Matthew Jarrid Murphy (born February 23, 1980) is a former American football player. He was selected in the seventh round of the 2002 NFL Draft by the Detroit Lions. He is currently a free agent.

Early life
Murphy was born to Michael and Dawn Murphy on 23 February 1980 in New Haven, Michigan. His uncle, Dwight Lee had played football in college at Michigan State where he had earned an All-American honorable mention.

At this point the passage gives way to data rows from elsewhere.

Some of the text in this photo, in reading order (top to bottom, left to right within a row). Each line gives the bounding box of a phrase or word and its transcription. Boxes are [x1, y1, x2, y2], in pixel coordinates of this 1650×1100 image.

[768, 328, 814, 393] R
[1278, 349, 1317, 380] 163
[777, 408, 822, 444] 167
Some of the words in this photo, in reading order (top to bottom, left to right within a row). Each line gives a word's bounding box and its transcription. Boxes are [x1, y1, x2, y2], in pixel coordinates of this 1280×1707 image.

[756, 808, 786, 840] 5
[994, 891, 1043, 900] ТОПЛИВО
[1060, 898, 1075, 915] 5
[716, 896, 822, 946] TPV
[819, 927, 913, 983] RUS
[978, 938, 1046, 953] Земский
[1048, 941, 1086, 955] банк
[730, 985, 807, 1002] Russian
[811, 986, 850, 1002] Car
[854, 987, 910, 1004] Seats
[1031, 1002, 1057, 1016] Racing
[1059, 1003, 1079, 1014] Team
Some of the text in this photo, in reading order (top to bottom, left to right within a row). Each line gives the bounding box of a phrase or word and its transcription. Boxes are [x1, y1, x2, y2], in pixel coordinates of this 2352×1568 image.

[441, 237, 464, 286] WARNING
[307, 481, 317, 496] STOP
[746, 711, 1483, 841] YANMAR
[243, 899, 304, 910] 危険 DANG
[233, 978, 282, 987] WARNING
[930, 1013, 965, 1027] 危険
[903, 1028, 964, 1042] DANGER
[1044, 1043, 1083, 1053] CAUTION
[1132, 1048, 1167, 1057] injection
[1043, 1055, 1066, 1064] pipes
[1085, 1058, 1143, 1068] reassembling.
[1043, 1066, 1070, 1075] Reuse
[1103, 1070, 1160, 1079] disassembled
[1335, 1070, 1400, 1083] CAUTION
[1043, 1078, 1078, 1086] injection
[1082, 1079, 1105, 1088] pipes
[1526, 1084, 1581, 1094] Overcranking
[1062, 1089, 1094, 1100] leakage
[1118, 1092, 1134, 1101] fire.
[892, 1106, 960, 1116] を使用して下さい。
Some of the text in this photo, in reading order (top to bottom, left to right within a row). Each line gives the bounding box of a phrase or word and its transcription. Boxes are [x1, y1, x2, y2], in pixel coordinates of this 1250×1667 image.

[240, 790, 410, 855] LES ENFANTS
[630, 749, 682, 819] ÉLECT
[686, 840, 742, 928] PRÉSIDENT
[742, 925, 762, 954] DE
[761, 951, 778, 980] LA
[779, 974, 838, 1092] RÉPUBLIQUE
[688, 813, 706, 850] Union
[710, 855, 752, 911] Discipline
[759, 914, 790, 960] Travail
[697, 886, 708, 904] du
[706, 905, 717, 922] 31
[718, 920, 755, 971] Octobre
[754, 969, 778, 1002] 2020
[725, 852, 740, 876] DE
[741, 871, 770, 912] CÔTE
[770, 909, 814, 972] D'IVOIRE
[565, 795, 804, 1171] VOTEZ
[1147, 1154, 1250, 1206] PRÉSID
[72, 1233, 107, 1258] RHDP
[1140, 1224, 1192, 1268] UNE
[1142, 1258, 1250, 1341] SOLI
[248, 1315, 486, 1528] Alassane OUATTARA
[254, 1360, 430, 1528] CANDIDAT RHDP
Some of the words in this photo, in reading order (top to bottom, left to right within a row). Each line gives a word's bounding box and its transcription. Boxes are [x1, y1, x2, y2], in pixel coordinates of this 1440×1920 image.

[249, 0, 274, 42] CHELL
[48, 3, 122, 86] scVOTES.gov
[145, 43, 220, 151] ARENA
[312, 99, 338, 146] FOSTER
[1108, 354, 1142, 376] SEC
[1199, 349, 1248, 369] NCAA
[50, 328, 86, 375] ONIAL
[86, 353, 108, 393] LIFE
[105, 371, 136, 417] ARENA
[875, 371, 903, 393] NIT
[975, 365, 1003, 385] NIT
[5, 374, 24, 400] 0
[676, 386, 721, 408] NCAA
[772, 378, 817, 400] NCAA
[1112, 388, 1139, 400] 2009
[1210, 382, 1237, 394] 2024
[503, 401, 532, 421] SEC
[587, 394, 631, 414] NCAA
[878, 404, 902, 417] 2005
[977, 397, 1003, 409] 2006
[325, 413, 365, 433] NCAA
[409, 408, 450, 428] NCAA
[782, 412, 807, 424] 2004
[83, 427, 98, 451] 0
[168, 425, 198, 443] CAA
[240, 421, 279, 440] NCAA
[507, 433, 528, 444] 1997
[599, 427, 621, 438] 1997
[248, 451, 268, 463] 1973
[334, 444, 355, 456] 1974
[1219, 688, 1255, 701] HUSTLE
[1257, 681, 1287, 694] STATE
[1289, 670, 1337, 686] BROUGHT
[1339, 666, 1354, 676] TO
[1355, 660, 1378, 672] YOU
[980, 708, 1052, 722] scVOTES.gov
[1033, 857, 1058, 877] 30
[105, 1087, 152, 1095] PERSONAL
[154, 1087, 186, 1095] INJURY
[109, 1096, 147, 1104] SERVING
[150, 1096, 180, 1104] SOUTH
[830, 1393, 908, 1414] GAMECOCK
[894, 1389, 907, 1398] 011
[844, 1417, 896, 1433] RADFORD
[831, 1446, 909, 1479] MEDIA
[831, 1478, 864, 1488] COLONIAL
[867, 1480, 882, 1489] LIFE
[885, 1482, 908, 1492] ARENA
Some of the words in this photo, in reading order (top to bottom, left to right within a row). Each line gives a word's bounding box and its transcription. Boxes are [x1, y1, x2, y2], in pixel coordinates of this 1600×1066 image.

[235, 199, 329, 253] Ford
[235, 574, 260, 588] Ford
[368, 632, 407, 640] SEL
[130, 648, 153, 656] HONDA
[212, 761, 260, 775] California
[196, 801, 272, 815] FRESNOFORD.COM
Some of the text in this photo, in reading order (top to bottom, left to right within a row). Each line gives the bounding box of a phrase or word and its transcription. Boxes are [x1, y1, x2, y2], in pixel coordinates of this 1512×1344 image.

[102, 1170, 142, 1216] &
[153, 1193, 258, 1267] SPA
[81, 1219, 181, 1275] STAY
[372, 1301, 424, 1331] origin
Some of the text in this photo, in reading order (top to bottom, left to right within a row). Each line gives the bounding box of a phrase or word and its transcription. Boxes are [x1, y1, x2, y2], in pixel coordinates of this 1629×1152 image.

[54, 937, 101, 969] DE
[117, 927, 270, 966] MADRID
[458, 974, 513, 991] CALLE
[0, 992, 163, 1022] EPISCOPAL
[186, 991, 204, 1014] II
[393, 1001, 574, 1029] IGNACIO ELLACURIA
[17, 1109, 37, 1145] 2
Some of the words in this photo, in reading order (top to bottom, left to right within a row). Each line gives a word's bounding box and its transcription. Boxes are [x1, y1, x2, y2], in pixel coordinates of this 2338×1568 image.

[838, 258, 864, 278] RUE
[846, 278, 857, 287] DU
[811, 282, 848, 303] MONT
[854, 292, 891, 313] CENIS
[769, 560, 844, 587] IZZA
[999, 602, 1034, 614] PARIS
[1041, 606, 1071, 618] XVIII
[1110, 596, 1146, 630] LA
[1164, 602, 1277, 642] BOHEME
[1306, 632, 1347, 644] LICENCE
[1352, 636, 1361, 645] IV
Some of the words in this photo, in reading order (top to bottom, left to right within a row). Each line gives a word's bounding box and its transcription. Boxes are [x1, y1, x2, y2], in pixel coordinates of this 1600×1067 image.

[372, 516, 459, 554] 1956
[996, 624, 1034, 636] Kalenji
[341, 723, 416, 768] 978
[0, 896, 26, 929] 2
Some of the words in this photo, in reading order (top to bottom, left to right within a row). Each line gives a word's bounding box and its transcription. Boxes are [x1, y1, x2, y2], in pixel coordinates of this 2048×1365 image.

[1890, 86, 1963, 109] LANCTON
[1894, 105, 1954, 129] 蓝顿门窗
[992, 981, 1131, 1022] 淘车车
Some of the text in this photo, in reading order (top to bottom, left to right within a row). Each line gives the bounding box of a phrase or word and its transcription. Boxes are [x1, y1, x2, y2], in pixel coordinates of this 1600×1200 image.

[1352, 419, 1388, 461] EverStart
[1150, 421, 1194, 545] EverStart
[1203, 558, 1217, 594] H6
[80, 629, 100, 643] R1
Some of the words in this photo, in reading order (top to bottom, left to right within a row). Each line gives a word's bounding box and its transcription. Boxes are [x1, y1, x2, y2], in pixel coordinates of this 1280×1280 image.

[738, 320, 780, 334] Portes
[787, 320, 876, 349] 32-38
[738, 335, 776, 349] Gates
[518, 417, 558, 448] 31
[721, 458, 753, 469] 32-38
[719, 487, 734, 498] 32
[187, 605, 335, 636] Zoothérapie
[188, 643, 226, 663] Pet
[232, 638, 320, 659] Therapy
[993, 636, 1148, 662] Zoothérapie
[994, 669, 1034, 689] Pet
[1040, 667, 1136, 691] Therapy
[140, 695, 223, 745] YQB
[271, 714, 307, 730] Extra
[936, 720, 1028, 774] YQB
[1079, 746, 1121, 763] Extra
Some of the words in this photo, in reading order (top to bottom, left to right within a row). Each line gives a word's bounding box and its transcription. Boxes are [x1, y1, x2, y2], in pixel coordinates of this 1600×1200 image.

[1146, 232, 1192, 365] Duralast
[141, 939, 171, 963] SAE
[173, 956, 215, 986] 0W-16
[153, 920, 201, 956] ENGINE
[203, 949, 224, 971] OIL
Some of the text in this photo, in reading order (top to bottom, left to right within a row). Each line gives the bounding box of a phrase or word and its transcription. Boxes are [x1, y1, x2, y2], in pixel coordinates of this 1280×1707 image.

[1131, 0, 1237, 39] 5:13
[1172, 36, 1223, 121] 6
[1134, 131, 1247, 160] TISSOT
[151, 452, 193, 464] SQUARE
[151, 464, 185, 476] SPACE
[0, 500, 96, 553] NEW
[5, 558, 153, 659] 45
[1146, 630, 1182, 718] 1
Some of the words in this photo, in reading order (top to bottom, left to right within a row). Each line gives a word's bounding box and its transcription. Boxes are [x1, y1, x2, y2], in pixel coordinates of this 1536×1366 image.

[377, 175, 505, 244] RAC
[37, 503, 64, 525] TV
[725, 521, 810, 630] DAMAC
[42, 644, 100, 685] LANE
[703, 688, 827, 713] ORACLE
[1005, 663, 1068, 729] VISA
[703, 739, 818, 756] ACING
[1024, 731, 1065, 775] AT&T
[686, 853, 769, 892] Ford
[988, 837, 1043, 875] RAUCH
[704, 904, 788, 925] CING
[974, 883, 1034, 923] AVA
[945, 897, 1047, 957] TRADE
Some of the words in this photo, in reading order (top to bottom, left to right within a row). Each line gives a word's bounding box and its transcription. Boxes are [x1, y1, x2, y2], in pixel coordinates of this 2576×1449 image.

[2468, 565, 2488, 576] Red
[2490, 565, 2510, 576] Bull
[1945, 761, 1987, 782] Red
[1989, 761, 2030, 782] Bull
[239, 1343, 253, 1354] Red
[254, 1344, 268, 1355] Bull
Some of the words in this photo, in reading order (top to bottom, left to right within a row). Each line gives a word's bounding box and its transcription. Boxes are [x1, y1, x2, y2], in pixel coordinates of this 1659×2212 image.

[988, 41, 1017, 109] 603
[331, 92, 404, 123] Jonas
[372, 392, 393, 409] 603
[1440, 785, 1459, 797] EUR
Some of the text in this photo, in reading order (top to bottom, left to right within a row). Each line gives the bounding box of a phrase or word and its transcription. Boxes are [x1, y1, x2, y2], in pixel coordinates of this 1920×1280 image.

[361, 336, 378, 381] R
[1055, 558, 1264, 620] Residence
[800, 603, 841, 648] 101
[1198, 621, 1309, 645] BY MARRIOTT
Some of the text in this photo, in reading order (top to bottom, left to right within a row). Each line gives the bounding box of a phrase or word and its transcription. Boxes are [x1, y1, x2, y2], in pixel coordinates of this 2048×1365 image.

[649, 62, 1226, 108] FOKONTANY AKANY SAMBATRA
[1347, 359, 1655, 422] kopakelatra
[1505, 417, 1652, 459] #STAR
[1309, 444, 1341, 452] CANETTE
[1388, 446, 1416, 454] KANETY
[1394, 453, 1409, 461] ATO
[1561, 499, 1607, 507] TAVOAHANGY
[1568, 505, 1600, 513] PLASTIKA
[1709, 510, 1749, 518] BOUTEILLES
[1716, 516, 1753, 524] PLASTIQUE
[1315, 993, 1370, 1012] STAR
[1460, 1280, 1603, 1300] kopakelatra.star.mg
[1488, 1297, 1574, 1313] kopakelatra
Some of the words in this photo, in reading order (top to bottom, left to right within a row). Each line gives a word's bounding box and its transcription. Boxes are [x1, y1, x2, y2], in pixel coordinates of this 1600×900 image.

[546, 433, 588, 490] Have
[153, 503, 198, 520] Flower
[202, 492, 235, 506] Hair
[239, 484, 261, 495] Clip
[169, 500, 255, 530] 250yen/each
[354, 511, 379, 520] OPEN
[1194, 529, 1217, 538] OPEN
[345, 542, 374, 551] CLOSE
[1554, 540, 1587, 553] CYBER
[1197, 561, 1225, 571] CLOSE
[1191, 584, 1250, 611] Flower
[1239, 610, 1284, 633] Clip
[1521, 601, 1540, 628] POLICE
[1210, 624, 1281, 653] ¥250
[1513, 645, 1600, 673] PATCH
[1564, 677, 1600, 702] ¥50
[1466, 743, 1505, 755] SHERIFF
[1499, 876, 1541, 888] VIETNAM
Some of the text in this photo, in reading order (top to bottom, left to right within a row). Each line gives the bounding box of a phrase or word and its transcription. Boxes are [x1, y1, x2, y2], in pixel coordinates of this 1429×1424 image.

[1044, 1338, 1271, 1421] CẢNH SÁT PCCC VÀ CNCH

He attended New Haven High School where he played six positions on the football team: defensive end, defensive tackle, fullback, linebacker, tight end, and wide receiver. During his senior year in 1996, Murphy compiled 80 tackles on defense and the Detroit Free Press named him an All-Met player.

College career
Murphy attended the University of Maryland, where he played as a tight end for the Terrapins. He was the first player to commit to the Maryland's then new head coach Ron Vanderlinden.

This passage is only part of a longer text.